[SUPPLIED DATA Boundary: Start]

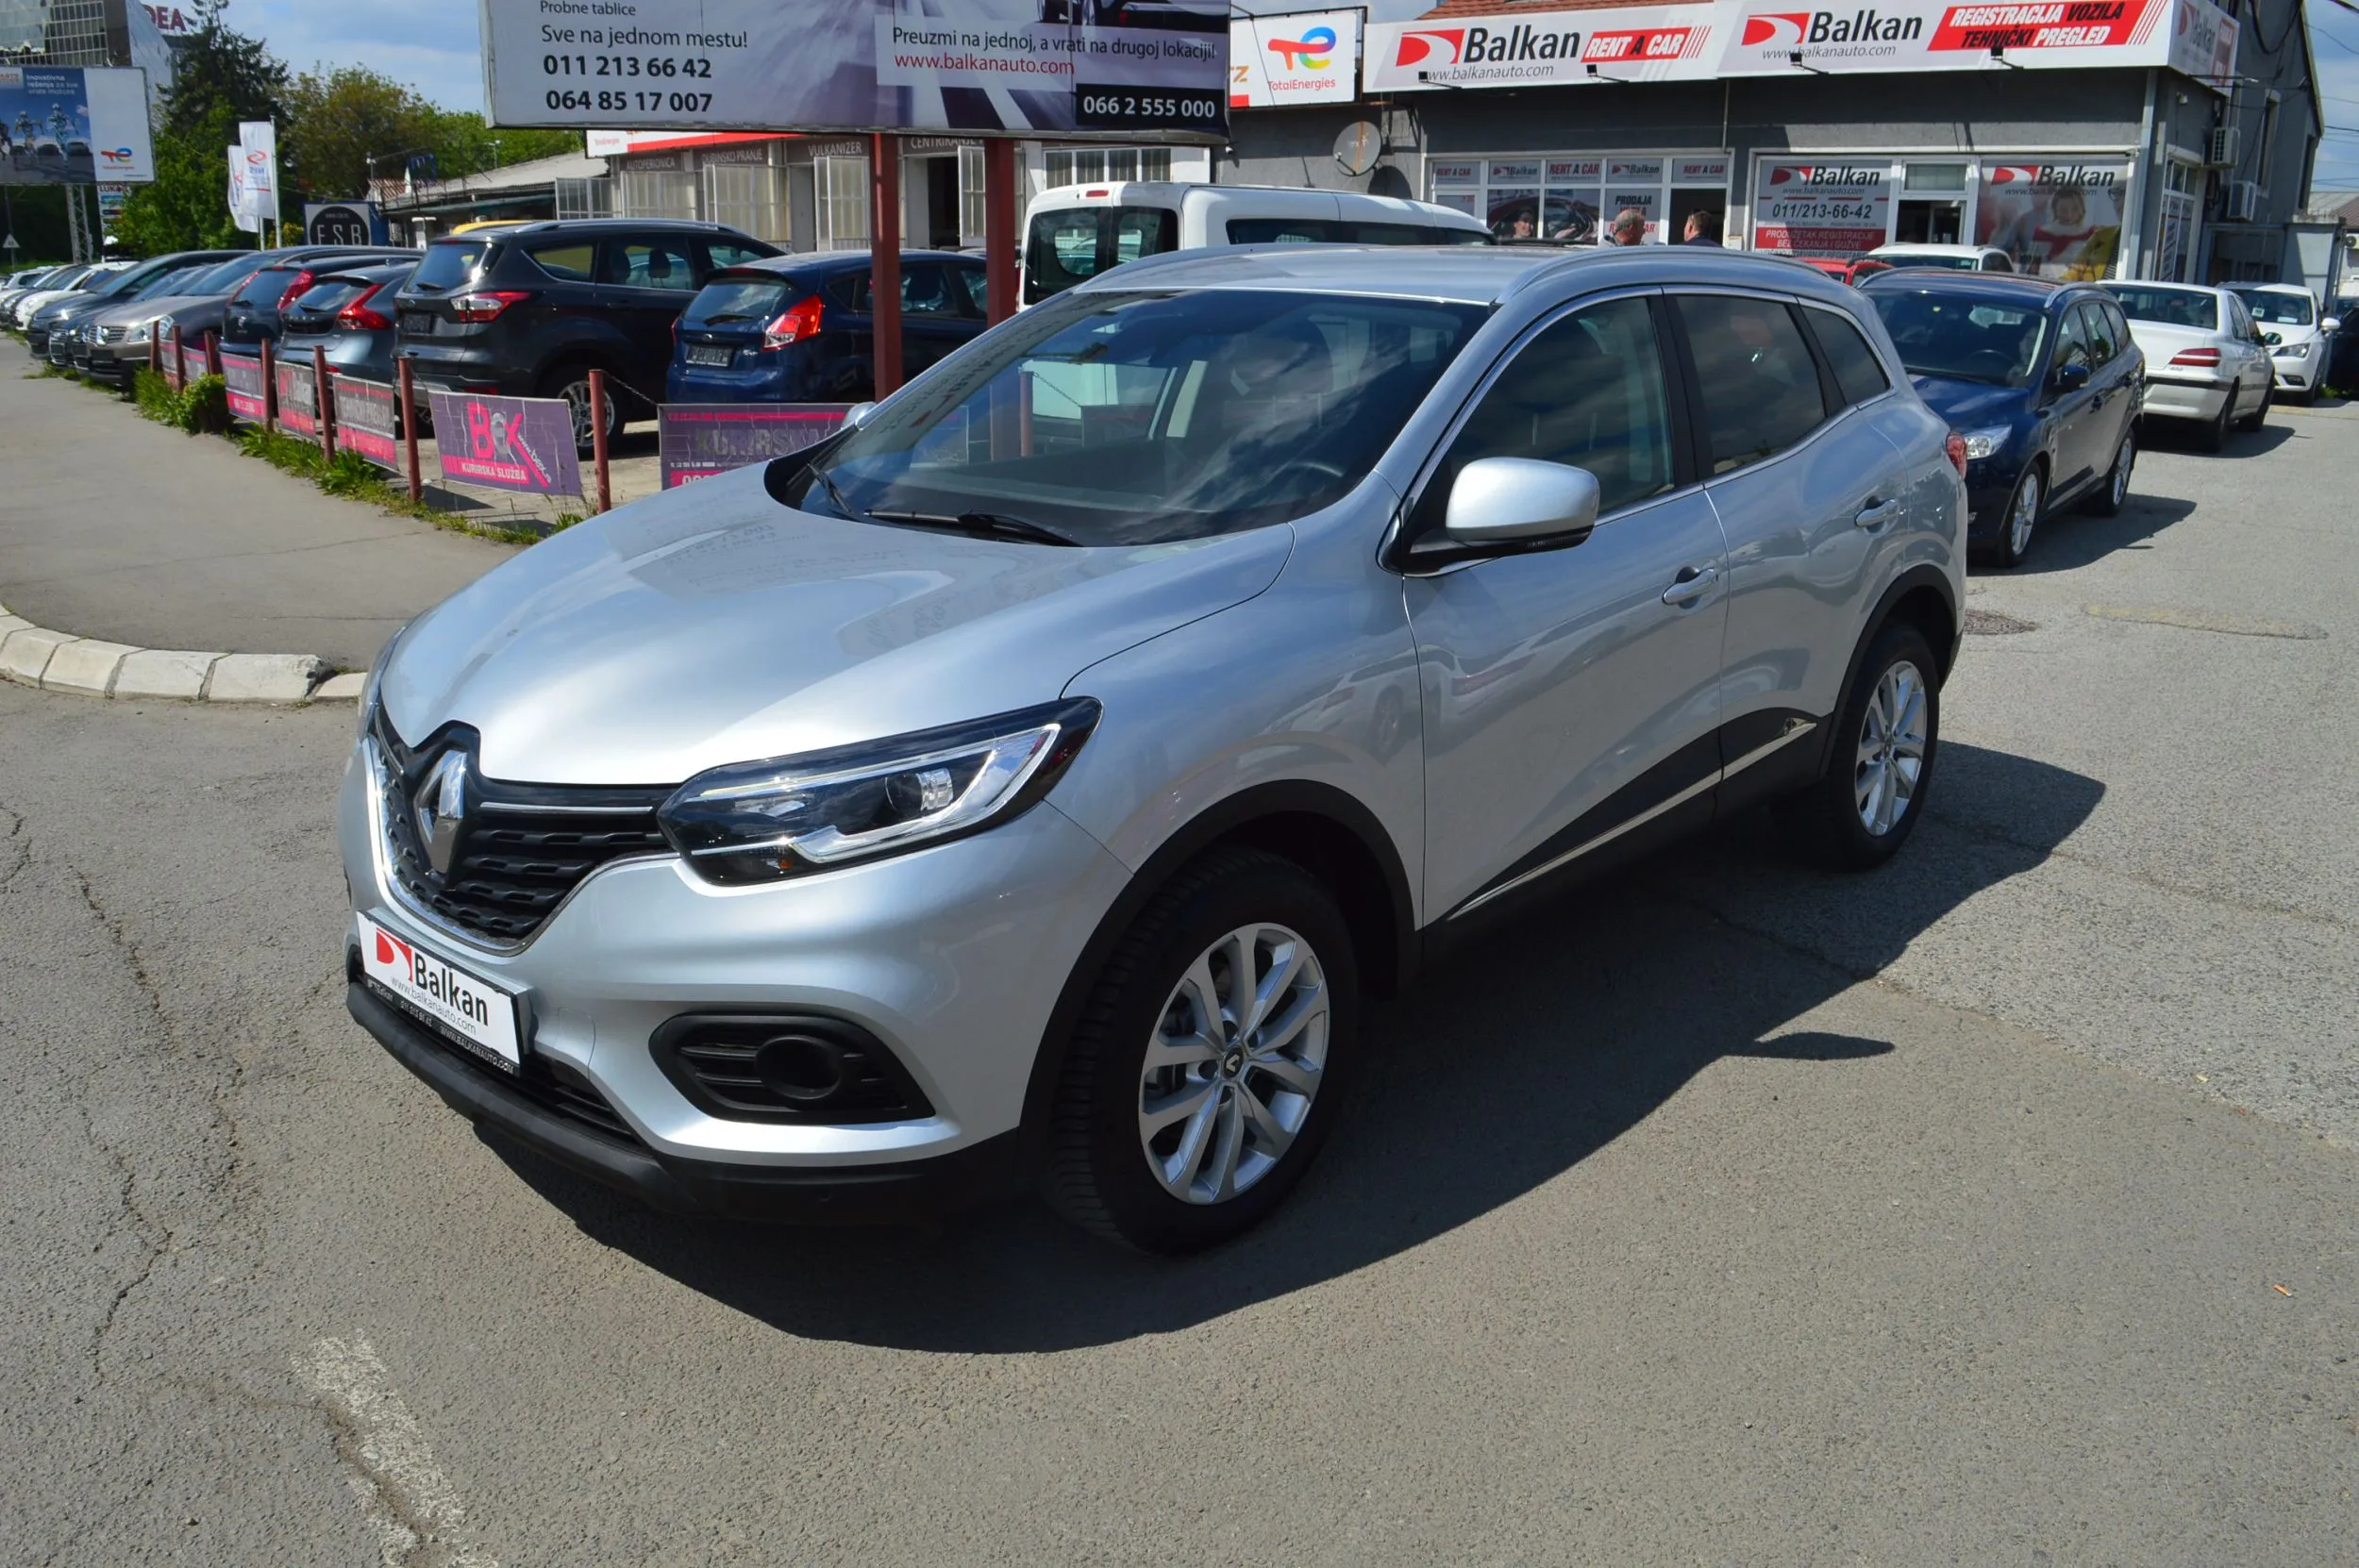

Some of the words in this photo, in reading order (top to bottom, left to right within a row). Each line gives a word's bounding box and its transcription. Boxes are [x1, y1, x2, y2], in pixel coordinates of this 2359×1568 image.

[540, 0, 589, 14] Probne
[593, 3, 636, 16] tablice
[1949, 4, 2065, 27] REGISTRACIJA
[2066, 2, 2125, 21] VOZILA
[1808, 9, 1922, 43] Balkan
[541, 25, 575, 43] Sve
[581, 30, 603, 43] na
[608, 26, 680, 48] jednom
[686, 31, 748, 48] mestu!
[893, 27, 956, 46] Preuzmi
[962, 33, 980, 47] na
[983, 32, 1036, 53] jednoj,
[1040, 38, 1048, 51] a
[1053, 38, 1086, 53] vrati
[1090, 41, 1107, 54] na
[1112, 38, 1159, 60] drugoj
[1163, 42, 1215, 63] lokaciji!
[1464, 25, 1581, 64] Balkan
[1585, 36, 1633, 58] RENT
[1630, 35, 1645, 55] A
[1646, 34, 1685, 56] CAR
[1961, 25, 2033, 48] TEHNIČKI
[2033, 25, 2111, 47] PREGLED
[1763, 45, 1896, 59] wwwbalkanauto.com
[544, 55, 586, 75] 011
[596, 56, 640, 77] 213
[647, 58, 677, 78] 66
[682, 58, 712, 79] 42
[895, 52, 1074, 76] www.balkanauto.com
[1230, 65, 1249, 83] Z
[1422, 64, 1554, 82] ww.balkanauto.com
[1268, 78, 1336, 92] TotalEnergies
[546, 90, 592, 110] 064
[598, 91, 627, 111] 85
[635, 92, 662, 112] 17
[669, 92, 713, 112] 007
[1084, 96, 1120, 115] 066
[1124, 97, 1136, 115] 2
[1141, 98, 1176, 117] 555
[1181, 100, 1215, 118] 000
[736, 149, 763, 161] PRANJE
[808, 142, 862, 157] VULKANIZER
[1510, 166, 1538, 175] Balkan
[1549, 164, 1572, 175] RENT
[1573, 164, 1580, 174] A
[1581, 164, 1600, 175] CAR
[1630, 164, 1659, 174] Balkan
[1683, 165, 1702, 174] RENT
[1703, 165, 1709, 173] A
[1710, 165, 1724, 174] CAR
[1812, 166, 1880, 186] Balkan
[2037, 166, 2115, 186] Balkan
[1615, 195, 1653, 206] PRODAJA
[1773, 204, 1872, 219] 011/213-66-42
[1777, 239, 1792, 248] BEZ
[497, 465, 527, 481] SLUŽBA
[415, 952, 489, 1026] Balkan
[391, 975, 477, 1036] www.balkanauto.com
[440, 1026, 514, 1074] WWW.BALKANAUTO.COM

[SUPPLIED DATA Boundary: End]

_PROBLEM REQUIREMENTS_. Transcribe the material as is, with images omitted.

_SOLVED EXERCISE_.
Some of the words in this photo, in reading order (top to bottom, left to right within a row). Each line gives a word's bounding box and its transcription. Boxes are [x1, y1, x2, y2], in pixel coordinates of this 2359×1568 image.

[540, 0, 589, 14] Probne
[593, 3, 636, 16] tablice
[1949, 4, 2065, 27] REGISTRACIJA
[2066, 2, 2125, 21] VOZILA
[1808, 9, 1922, 43] Balkan
[541, 25, 575, 43] Sve
[581, 30, 603, 43] na
[608, 26, 680, 48] jednom
[686, 31, 748, 48] mestu!
[893, 27, 956, 46] Preuzmi
[962, 33, 980, 47] na
[983, 32, 1036, 53] jednoj,
[1040, 38, 1048, 51] a
[1053, 38, 1086, 53] vrati
[1090, 41, 1107, 54] na
[1112, 38, 1159, 60] drugoj
[1163, 42, 1215, 63] lokaciji!
[1464, 25, 1581, 64] Balkan
[1585, 36, 1633, 58] RENT
[1630, 35, 1645, 55] A
[1646, 34, 1685, 56] CAR
[1961, 25, 2033, 48] TEHNIČKI
[2033, 25, 2111, 47] PREGLED
[1763, 45, 1896, 59] wwwbalkanauto.com
[544, 55, 586, 75] 011
[596, 56, 640, 77] 213
[647, 58, 677, 78] 66
[682, 58, 712, 79] 42
[895, 52, 1074, 76] www.balkanauto.com
[1230, 65, 1249, 83] Z
[1422, 64, 1554, 82] ww.balkanauto.com
[1268, 78, 1336, 92] TotalEnergies
[546, 90, 592, 110] 064
[598, 91, 627, 111] 85
[635, 92, 662, 112] 17
[669, 92, 713, 112] 007
[1084, 96, 1120, 115] 066
[1124, 97, 1136, 115] 2
[1141, 98, 1176, 117] 555
[1181, 100, 1215, 118] 000
[736, 149, 763, 161] PRANJE
[808, 142, 862, 157] VULKANIZER
[1510, 166, 1538, 175] Balkan
[1549, 164, 1572, 175] RENT
[1573, 164, 1580, 174] A
[1581, 164, 1600, 175] CAR
[1630, 164, 1659, 174] Balkan
[1683, 165, 1702, 174] RENT
[1703, 165, 1709, 173] A
[1710, 165, 1724, 174] CAR
[1812, 166, 1880, 186] Balkan
[2037, 166, 2115, 186] Balkan
[1615, 195, 1653, 206] PRODAJA
[1773, 204, 1872, 219] 011/213-66-42
[1777, 239, 1792, 248] BEZ
[497, 465, 527, 481] SLUŽBA
[415, 952, 489, 1026] Balkan
[391, 975, 477, 1036] www.balkanauto.com
[440, 1026, 514, 1074] WWW.BALKANAUTO.COM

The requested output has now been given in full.